Figure 3A: Plain X-rays and magnetic resonance imaging pictures of 20-year-old male with tubercular spondylitis L2–L3. Patient treated conservatively. Patient had associated polycystic kidney disease.(a-d): Plain X-rays at presentation, 6 months, 12 months, and 24 months. (a) Initial X-rays both anteroposterior and lateral show paradiscal lesion L2–L3 with endplate destruction, vertebral body destruction and narrow disc space. Endplate sclerosis occurred and lesion healed with narrow disc space (b-d). (e-h) short tau inversion recovery images of magnetic resonance imaging. (e) Initial short tau inversion recovery images show hyperintense signal intensity which subsequently decreased (f-g) to become isointense at 24 months (h)

Figure 3B: T1-weighted images (sagittal and axial) of the same patient. (a-d) Sagittal sections at presentation, 6 months, 12 months, and 24 months. (a) Initial sagittal sections show hypointense signal intensity with paradiscal lesion, discitis, endplate erosions, intraosseous caseation, and marrow edema. Six-month magnetic resonance imaging sections show increase in number of vertebrae involvement and increased edema (b). Healing occurred with increase in signal intensity on T1-weighted images (e-h) axial sections at presentation, 6 months, 12 months, and 24 months. (e) Initial axial sections show paravertebral collection, intraosseous caseation with mild epidural collection. All these resolved subsequently (f-h)

Figure 3C: T2-weighted images (sagittal and axial) of the same patient. (a-d) Sagittal sections at presentation, 6 months, 12 months, and 24 months. (a) Initial sagittal sections show paradiscal lesion with hyperintense signal intensity, endplate erosions, intraosseous caseation, marrow edema, mild epidural collection. (b) Six-month magnetic resonance imaging sections show increase in number of vertebrae involvement and increased edema. Healing observed on the subsequent magnetic resonance imaging scans with disc space narrowing (b-d). (e) Initial axial sections show septate paravertebral collection and intraosseous caseation. Paravertebral collections and intraosseous caseation increased during first 6 months (f). Healing was observed with resolution of caseation and paravertebral collections (g-h)

Figure 3D: Contrast enhanced T1-weighted images (sagittal and axial) of the same patient. Contrast enhancement is seen in initial and 6 months scans both sagittal and axial magnetic resonance imaging scans (a, b, e, f). It is absent at 12 months and 24 months (c, d, g, h)
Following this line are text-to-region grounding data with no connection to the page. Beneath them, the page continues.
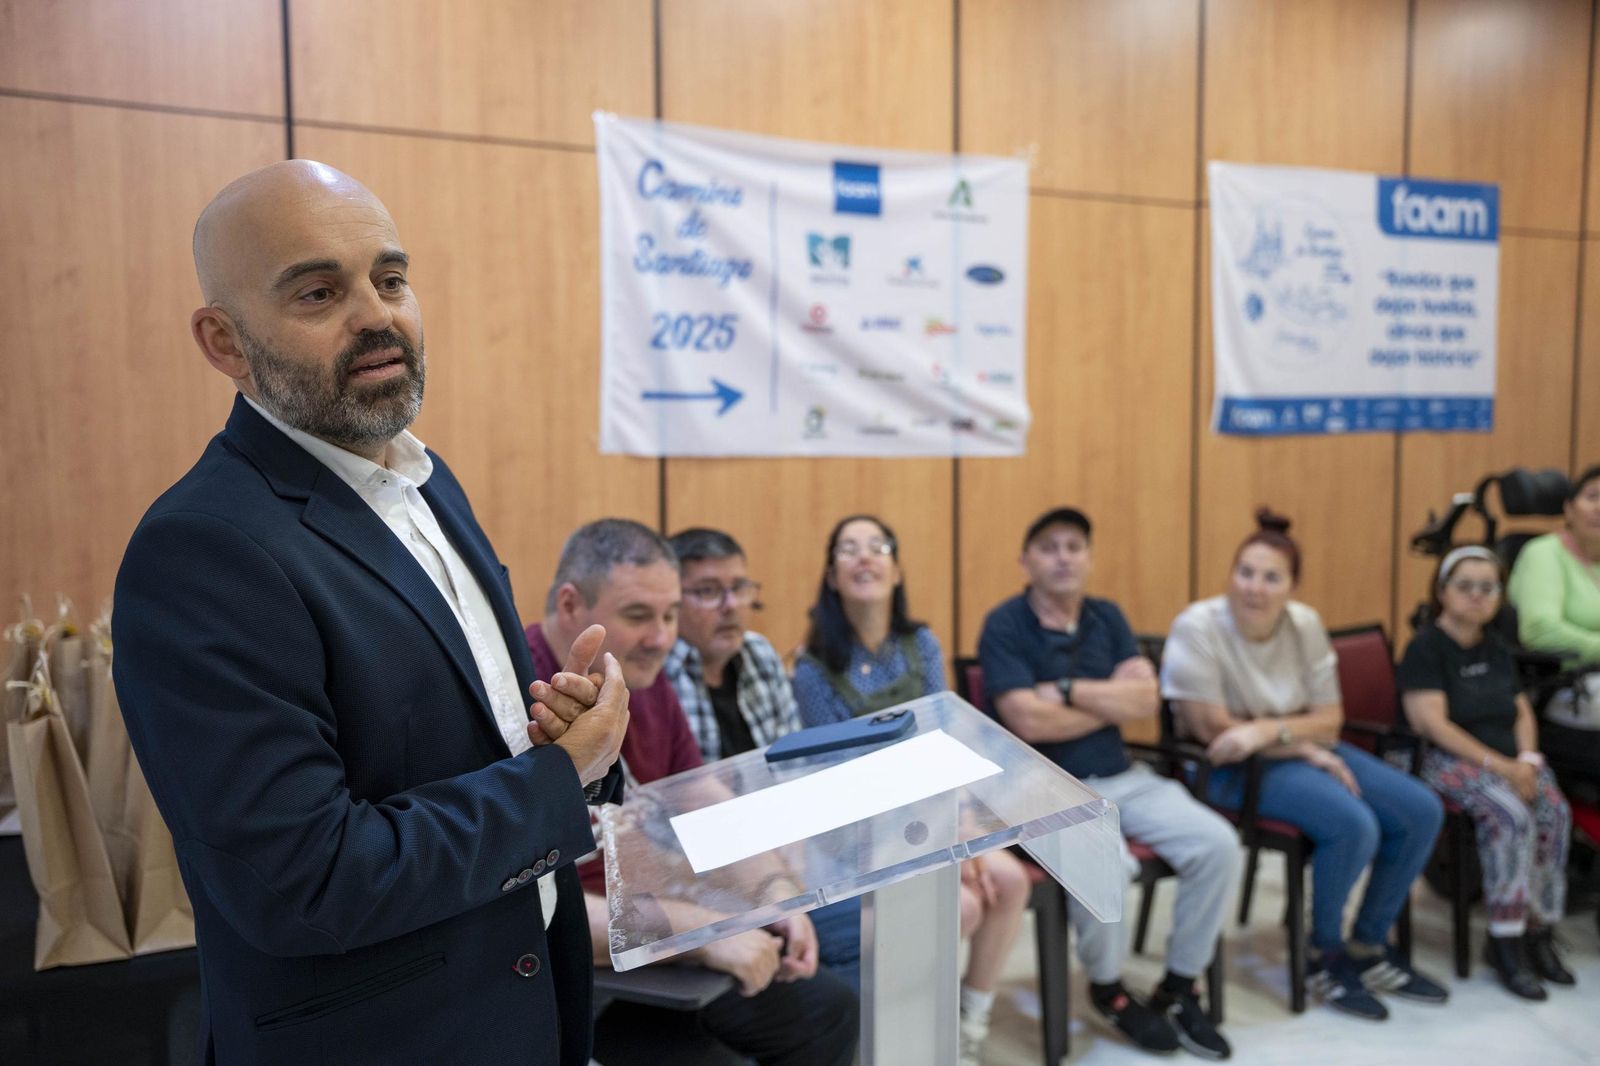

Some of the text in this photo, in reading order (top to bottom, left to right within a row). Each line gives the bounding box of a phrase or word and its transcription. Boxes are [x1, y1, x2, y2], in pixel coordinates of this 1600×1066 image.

[637, 158, 743, 206] Camino
[677, 208, 708, 239] de
[1392, 183, 1487, 236] faam
[634, 232, 753, 286] Santiago
[650, 312, 739, 352] 2025
Radiographic changes associated with tuberculosis spine include rarefaction of the vertebral endplates, disc space narrowing, anterior wedging, and bone destruction, but these findings may not be visible on plain radiograph up to 8 weeks.[14] Various studies report that plain radiograph demonstrated changes consistent with spinal tuberculosis in 84%–99% cases.[16,22] In the present study, 88% of the patients showed radiographic changes consistent with spinal tuberculosis. In the present study, at the initial presentation, 2.06 average numbers of vertebrae were affected and these increased to 2.12 at subsequent follow-up; these findings are consistent with other studies.[14,15,25] Wedging was observed in 46% of the patients on X-rays. Reported incidence of wedging by various authors ranges from 15.5% to 69.3%.[13-15] Forty-four cases (88%, 97/107 endplates) on the X-rays showed endplate erosions/destructions at initial presentation. At 24 months, 64 endplates (57.6%) were destroyed (statistically significant, P < 0.01) and 37 endplates (33.3%) showed healing either in the form of sclerosis or restoration of normal contour. All the sclerosed and healed endplates were not of completely normal contour. Danchaivijitr et al.[13] and Jain et al.[15] reported endplate erosion and fuzzy paradiscal margins in 43.8% and 98% of the cases, respectively. On X-rays, 45 discs were narrowed, 4 obliterated, and 5 spared at initial presentation. At 24 months, a significant number of discs were obliterated (statistically significant, P < 0.01). Jain et al. reported uniformly decreased disc space in all the 49 patients on X-rays.[15] Decrease in the initial blurring/ill definition of the endplate and decrease in soft tissues (abscesses) were the first signs of healing observed on the plain radiographs of the affected spine in the present study.

Magnetic resonance imaging evaluation

On T1-weighted images, all the patients (100%) showed hypointense signal intensity [Figures 1b, 2b and 3b]. On T2-weighted images, 49 patients (98%) showed hyperintense signal intensity and only one patient (2%) showed mixed signal intensity. On short tau inversion recovery (STIR) images, 48 patients (96%) showed hyperintensity and only two patients (4%) showed isointense signal intensity. Similar findings had also been reported in the literature.[14]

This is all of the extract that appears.